Work order: In the copy, keep every word of the data below and none of its pictures.
┄┄┄┄┄┄┄┄┄┄
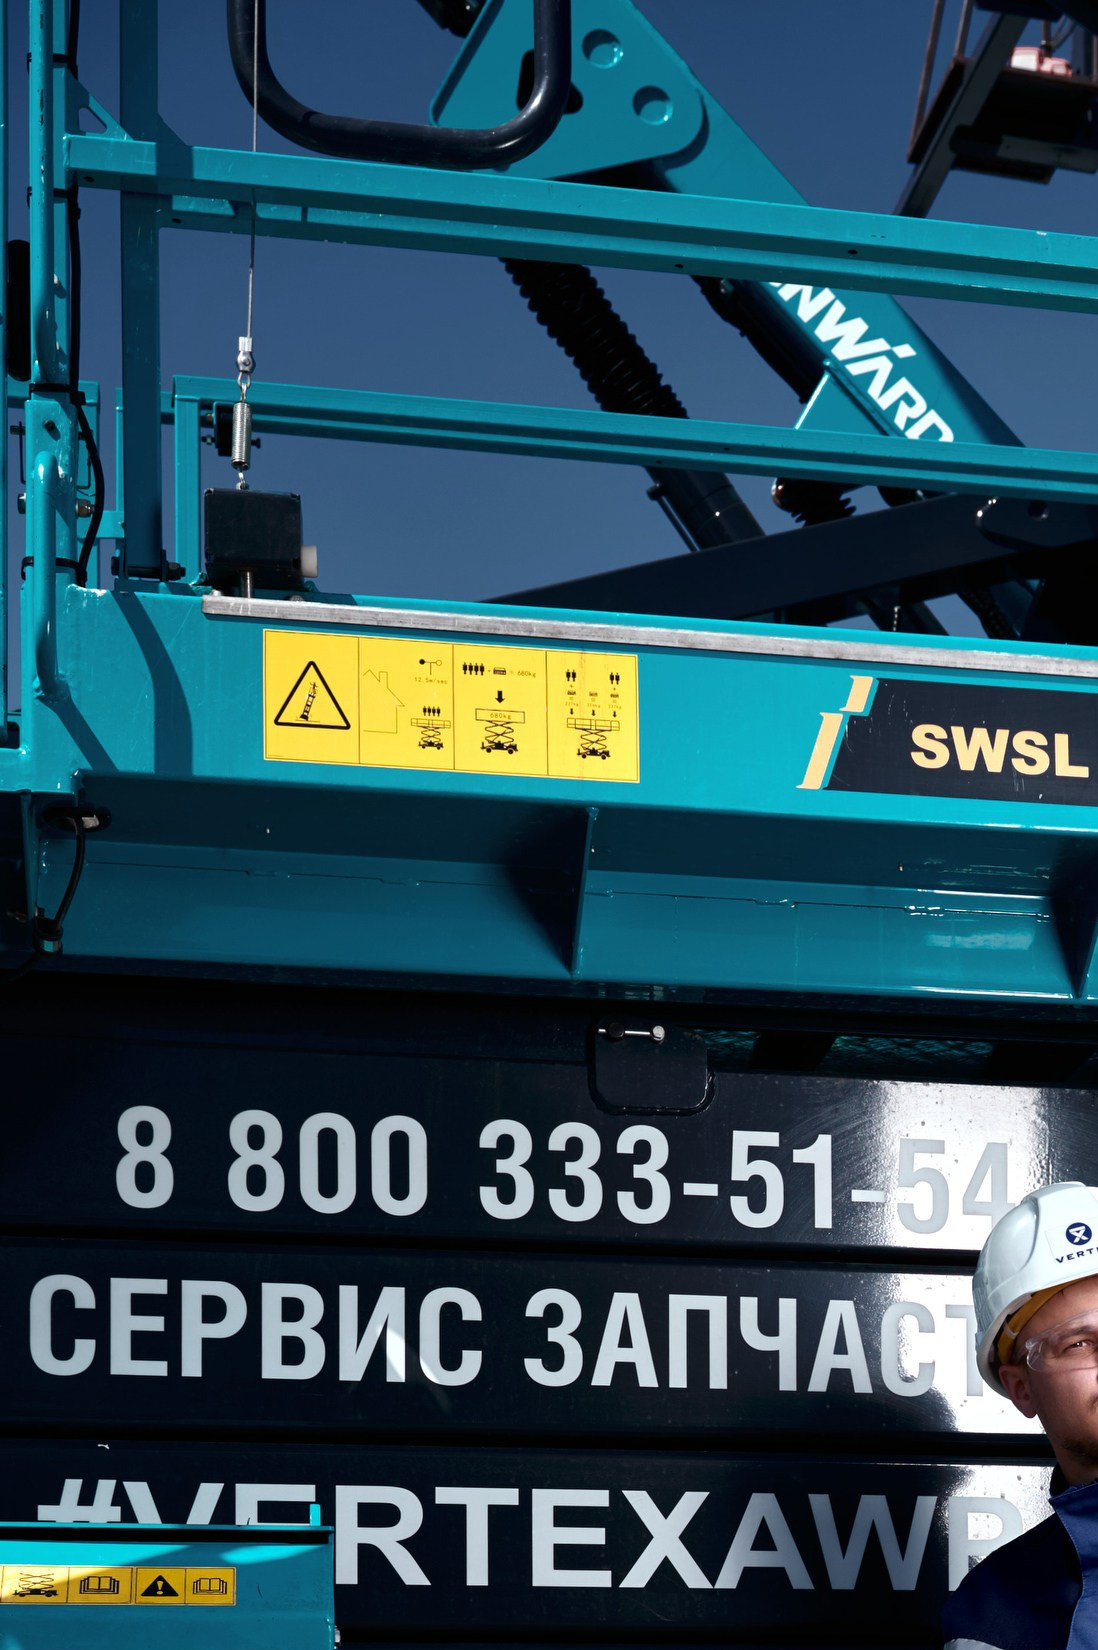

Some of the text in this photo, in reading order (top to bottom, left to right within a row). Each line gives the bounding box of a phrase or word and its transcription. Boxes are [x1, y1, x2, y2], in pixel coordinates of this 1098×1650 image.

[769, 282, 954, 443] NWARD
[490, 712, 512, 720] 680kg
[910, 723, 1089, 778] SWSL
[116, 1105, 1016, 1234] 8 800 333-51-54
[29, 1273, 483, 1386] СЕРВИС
┄┄┄┄┄┄┄┄┄┄
Answer to the exercise:
Some of the text in this photo, in reading order (top to bottom, left to right within a row). Each line gives the bounding box of a phrase or word and its transcription. Boxes are [x1, y1, x2, y2], in pixel coordinates of this 1098×1650 image.

[769, 282, 954, 443] NWARD
[490, 712, 512, 720] 680kg
[910, 723, 1089, 778] SWSL
[116, 1105, 1016, 1234] 8 800 333-51-54
[29, 1273, 483, 1386] СЕРВИС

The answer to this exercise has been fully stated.